WORK ORDER: Look through the records below for the line holding "this 1333×1333 image.". Write it out exactly, with each following line through the line holding "this 1536×2048 image.".

(Beginning of RECORDS SHOWN)

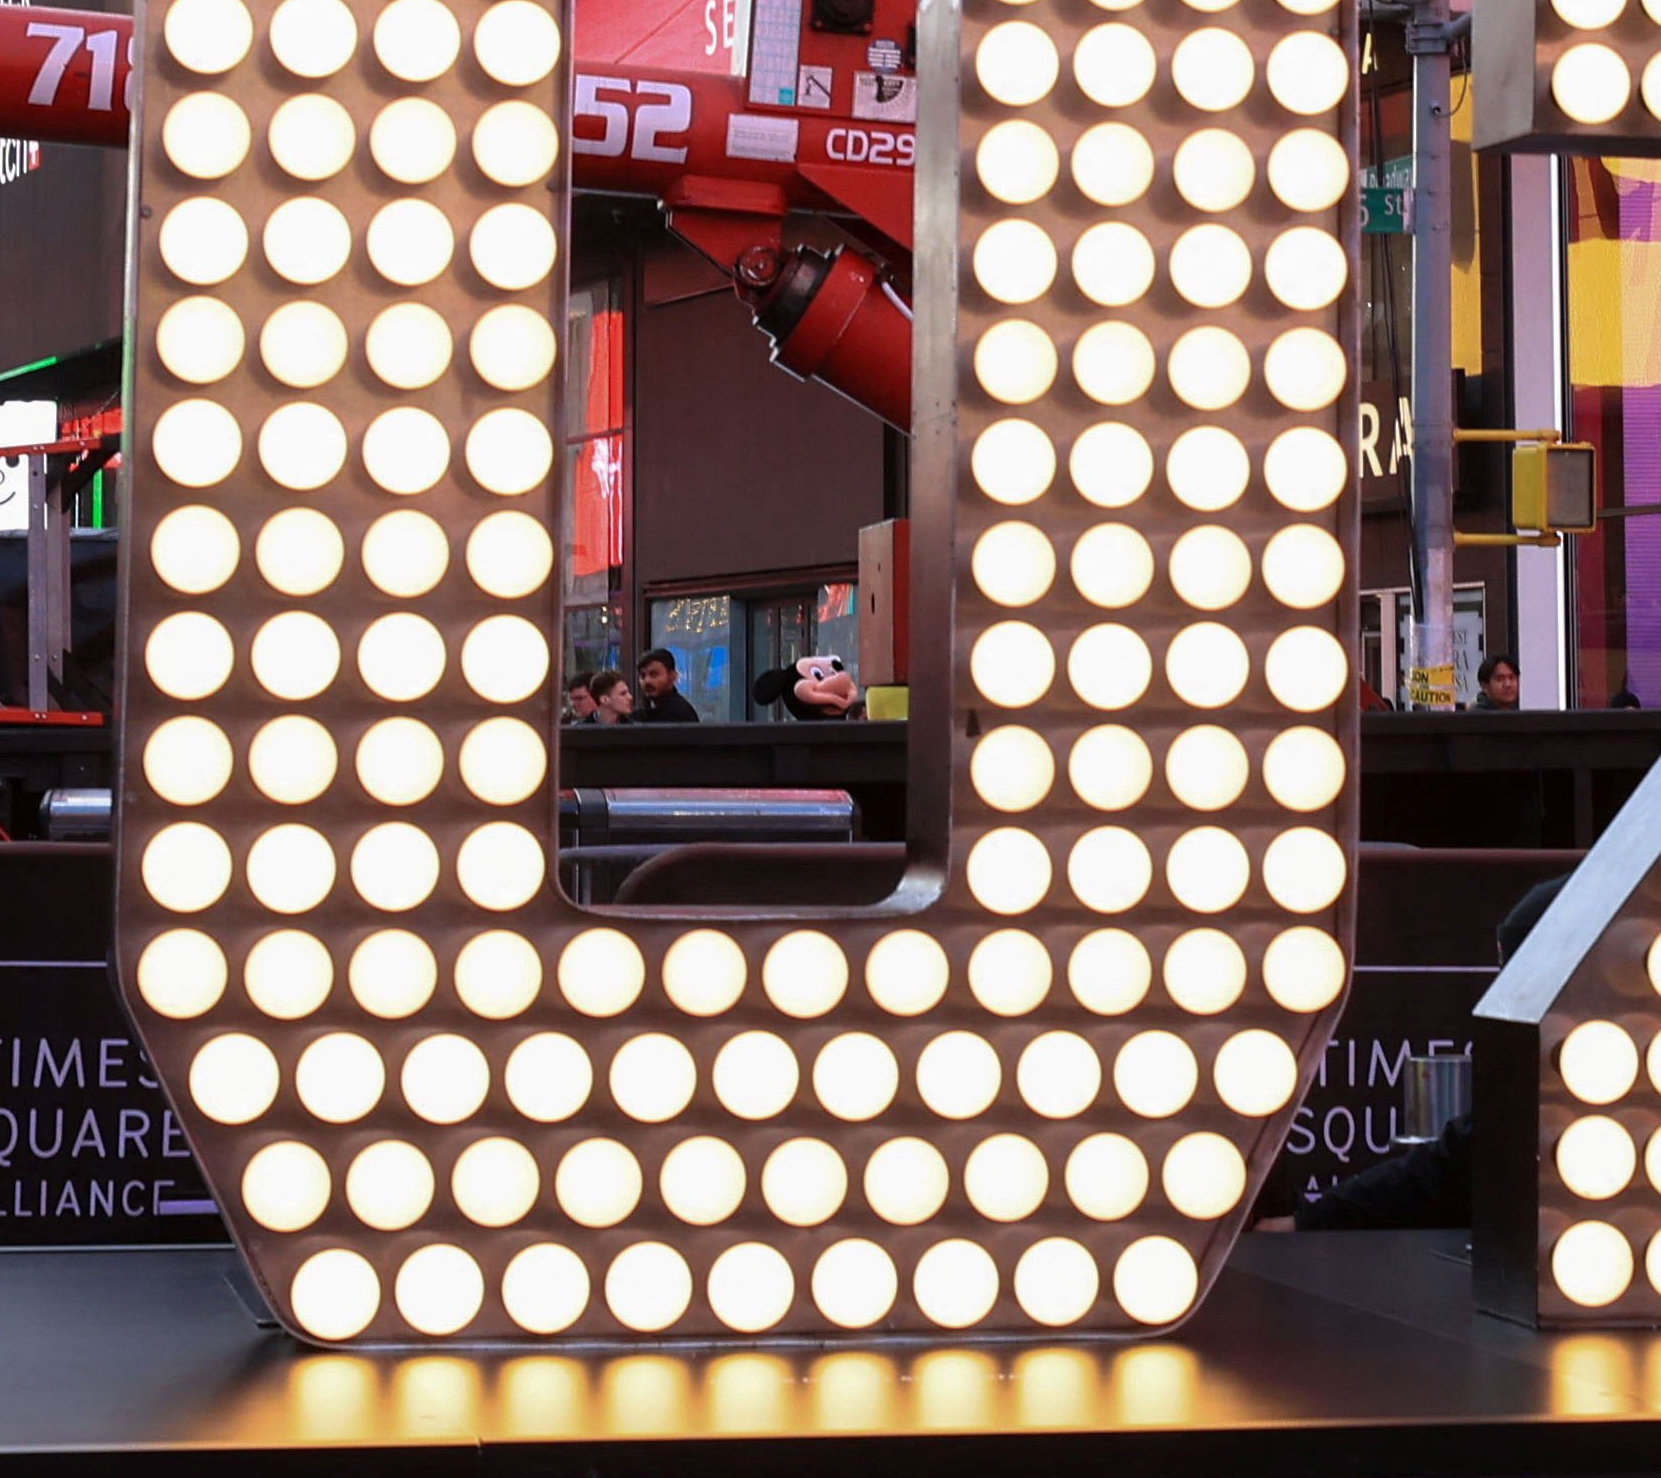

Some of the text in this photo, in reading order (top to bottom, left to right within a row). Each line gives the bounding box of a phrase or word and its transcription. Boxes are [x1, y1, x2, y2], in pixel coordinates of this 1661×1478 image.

(End of RECORDS SHOWN)
(Beginning of RECORDS SHOWN)

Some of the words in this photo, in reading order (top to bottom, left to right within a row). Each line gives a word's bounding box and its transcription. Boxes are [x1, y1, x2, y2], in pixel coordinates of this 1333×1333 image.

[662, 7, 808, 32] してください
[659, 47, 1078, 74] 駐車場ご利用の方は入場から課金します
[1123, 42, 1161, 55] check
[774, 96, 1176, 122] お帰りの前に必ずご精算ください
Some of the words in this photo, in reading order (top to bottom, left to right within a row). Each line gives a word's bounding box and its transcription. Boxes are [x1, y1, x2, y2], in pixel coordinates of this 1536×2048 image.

(End of RECORDS SHOWN)

PROBLEM SOLUTION:
Some of the words in this photo, in reading order (top to bottom, left to right within a row). Each line gives a word's bounding box and its transcription. Boxes are [x1, y1, x2, y2], in pixel coordinates of this 1333×1333 image.

[662, 7, 808, 32] してください
[659, 47, 1078, 74] 駐車場ご利用の方は入場から課金します
[1123, 42, 1161, 55] check
[774, 96, 1176, 122] お帰りの前に必ずご精算ください
Some of the words in this photo, in reading order (top to bottom, left to right within a row). Each line gives a word's bounding box and its transcription. Boxes are [x1, y1, x2, y2], in pixel coordinates of this 1536×2048 image.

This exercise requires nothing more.